Paraverbal Communication Skills for Team Leaders

Paraverbal Communication Skills for Team Leaders

“The most important thing in communication is hearing what isn’t said.” – Peter Drucker

How you say something to your team is just as important as what you are saying. How you say something is known as paraverbal communication and include the pitch, tone, and speed of your words when you communicate.

The Power of Pitch

Pitch can be most simply defined as the key of your voice. A high pitch is often interpreted as anxious or upset. A low pitch sounds more serious and authoritative. Your team will pick up on the pitch of your voice and react to it. Variation in the pitch of your voice is also important to keep your team members interested. If you naturally speak in a very high-pitched or low-pitched voice, work on varying your pitch to encompass all ranges of your vocal cords.

The Truth about Tone

Did your mother ever say to you, “I don’t like that tone!” She was referring to the combination of various pitches to create a mood.

Here are some tips on creating a positive, authoritative tone when communicating with your team.

  • Try lowering the pitch of your voice a bit.
  • Smile! This will warm up anyone’s voice.
  • Sit up straight and listen.
  • Monitor your inner monologue. Negative thinking will seep into the tone of your voice.
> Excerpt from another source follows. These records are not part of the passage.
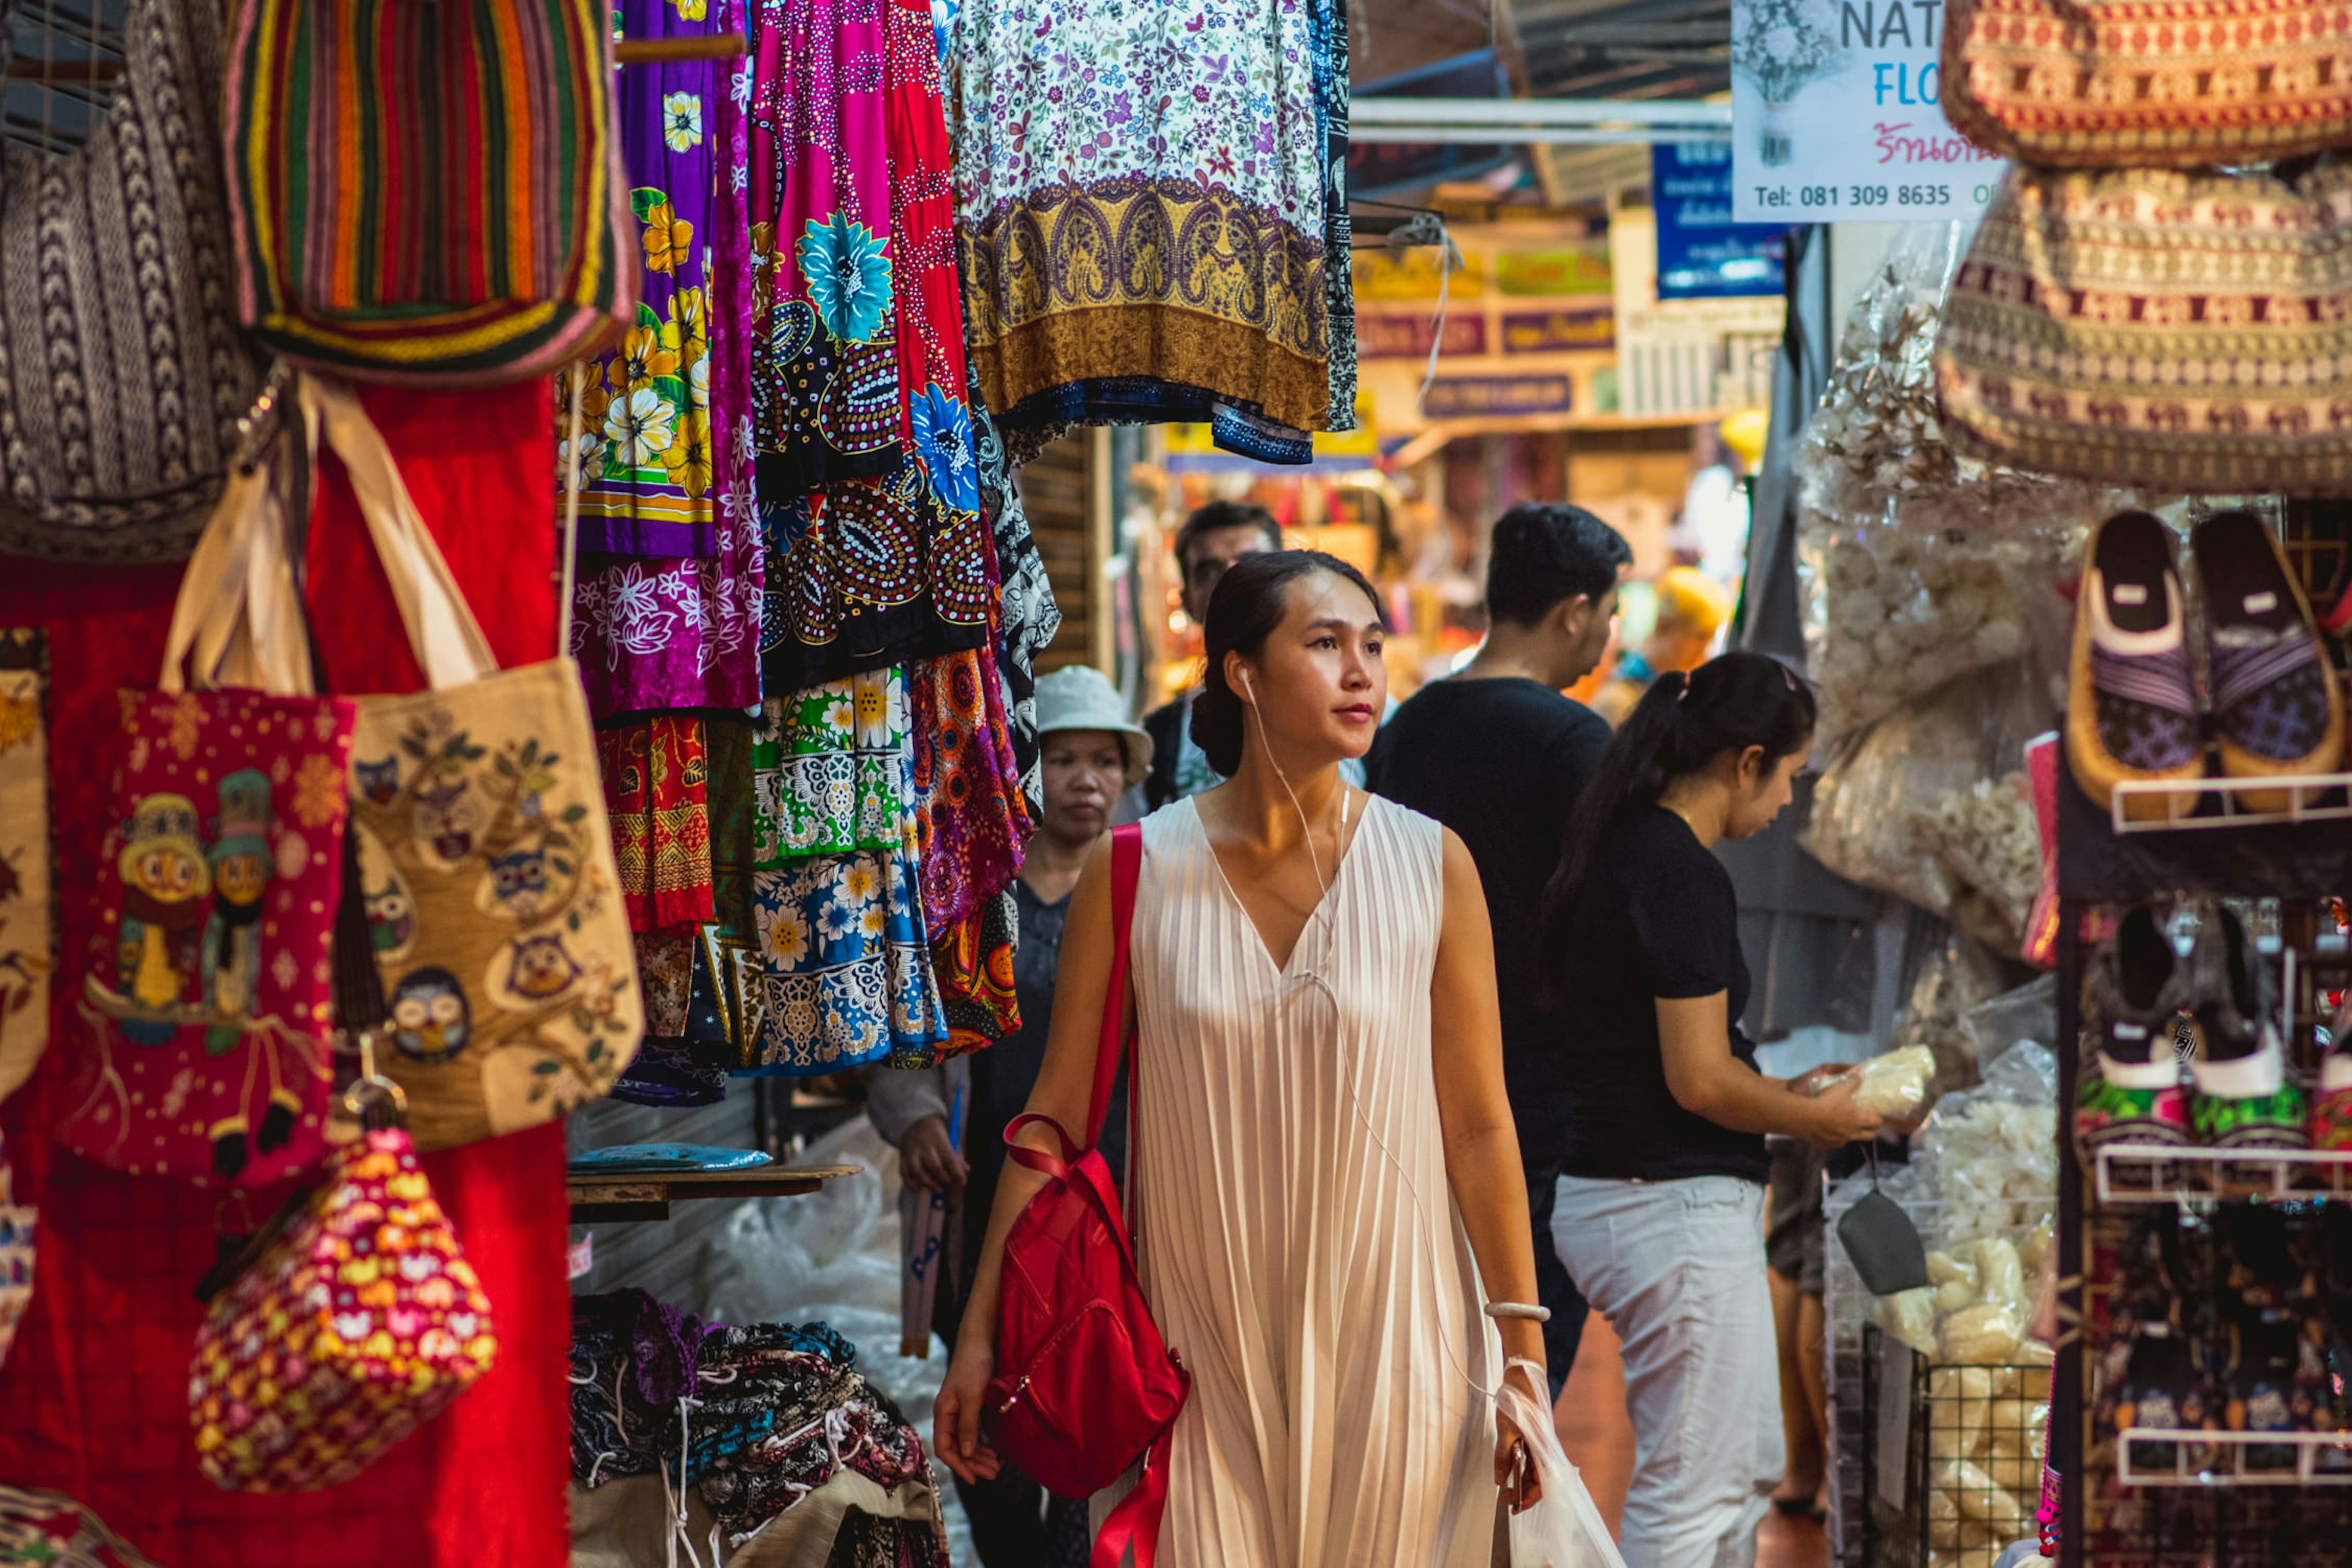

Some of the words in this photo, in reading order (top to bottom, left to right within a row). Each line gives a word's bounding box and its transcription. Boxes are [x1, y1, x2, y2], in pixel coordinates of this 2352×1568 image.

[1841, 1, 1942, 48] NAT
[1872, 62, 1939, 106] FLO
[1754, 185, 1792, 207] Tel:
[1800, 186, 1838, 206] 081
[1849, 185, 1888, 206] 309
[1898, 185, 1950, 206] 8635
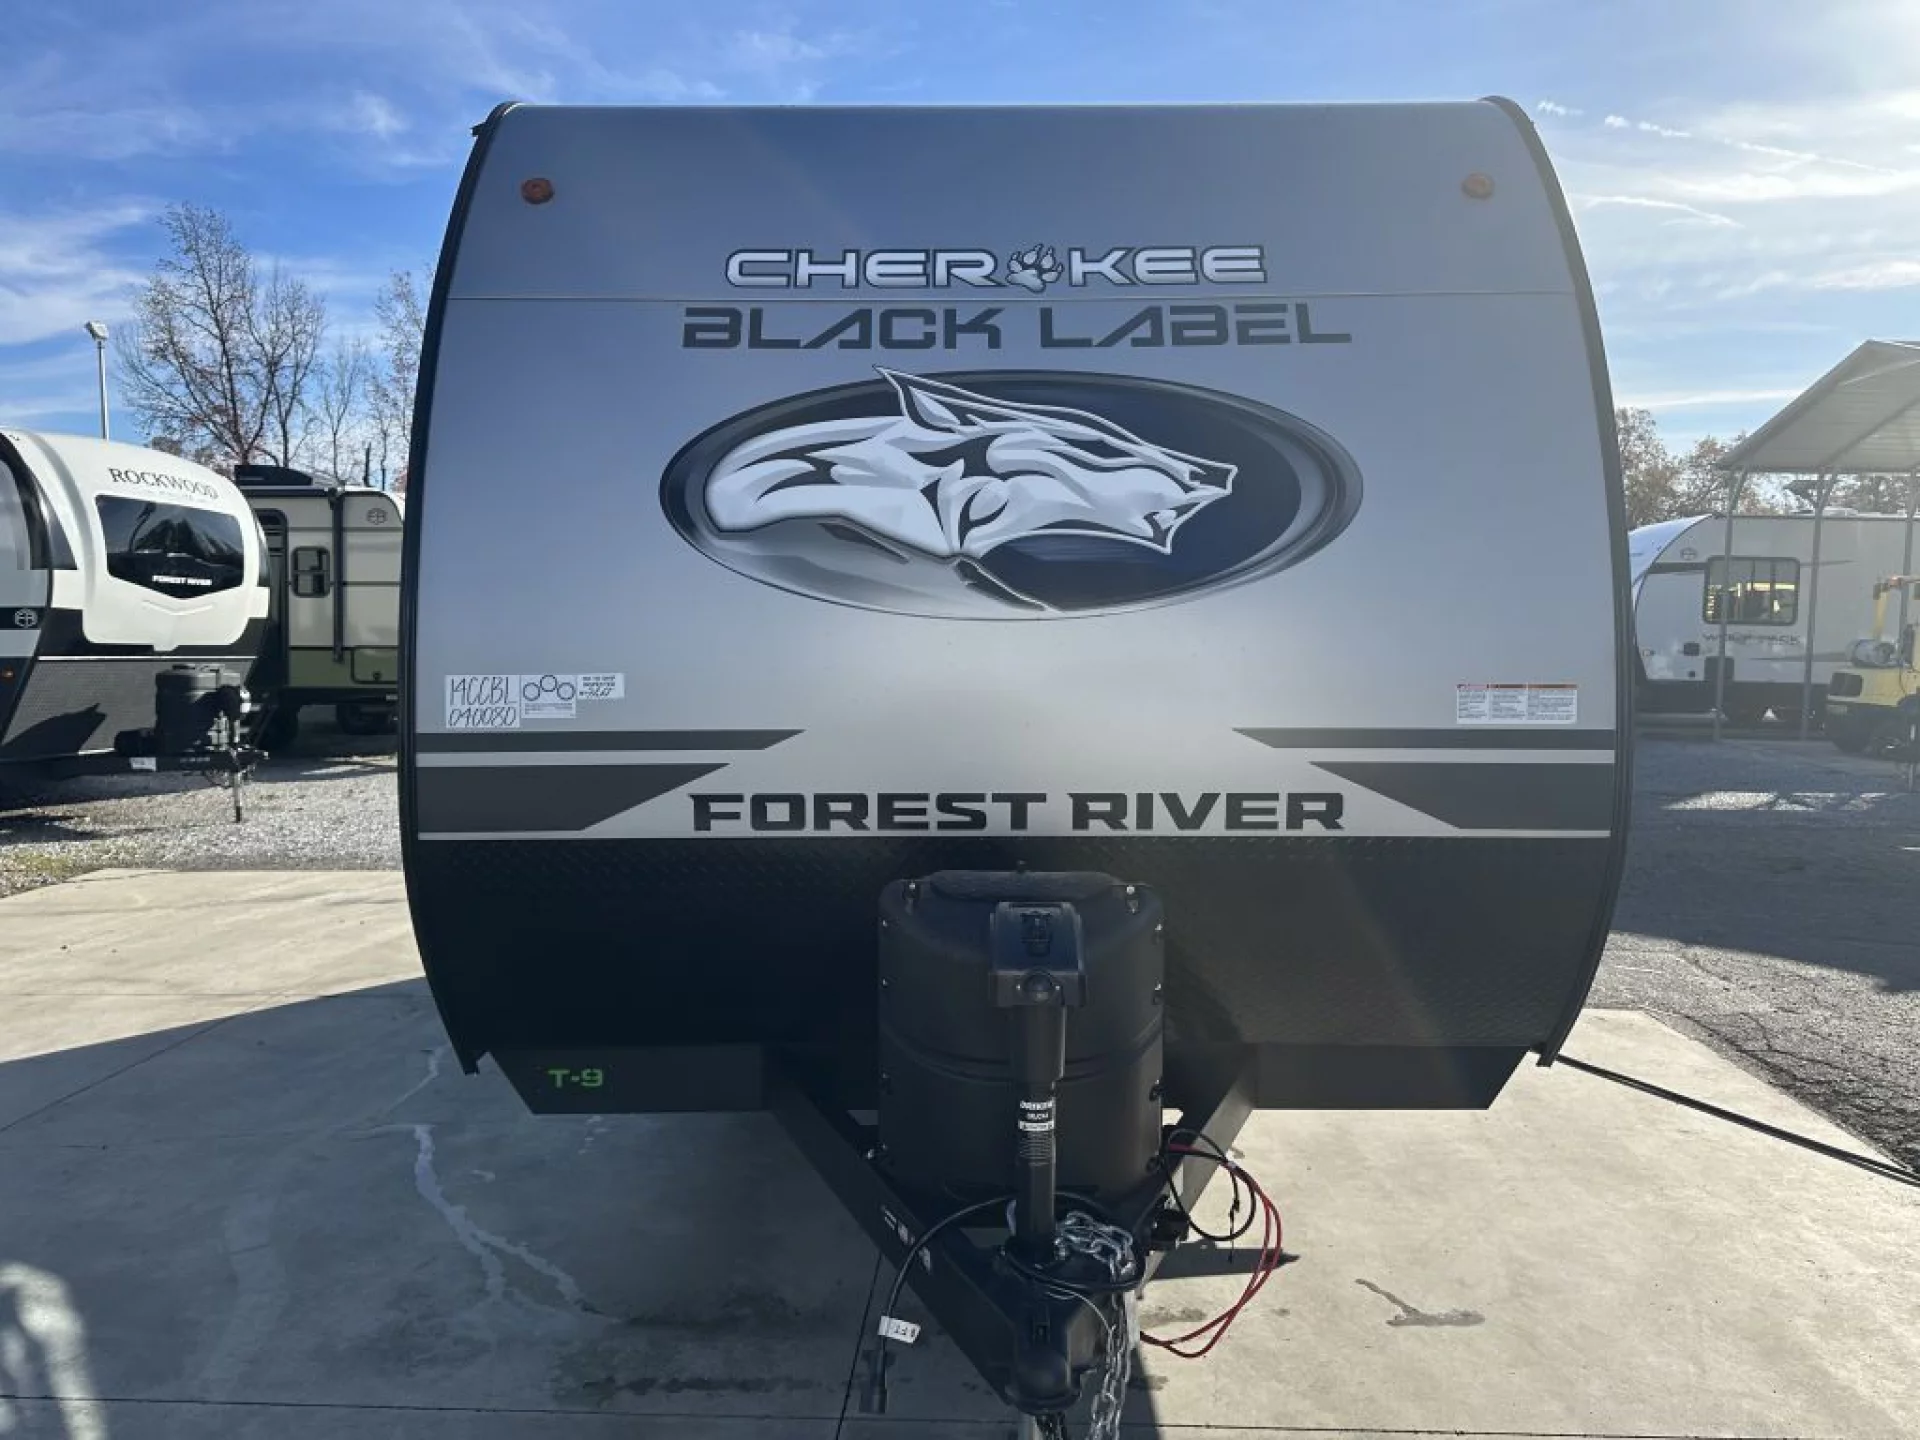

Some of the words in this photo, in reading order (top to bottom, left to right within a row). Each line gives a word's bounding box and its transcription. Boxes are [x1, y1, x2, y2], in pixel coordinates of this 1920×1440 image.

Related: Communication Outcome Based Team Building Activities

The Strength of Speed

The pace at which you speak also has a tremendous effect on your communication ability. From a practical perspective, a team leader who speaks quickly is harder to understand than one who speaks at a moderate pace. Conversely, a team leader who speaks very slowly will probably lose their audience’s interest before they get very far!

Speed also has an effect on the tone and emotional quality of your message. A hurried pace can make your team feel anxious and rushed. A slow pace can make your team feel as though your message is not important. A moderate pace will seem natural, and will help the team focus on your message.

One easy way to check your pitch, tone, and speed is to record yourself speaking. Think of how you would feel listening to your own voice. Work on speaking the way you would like to be spoken to.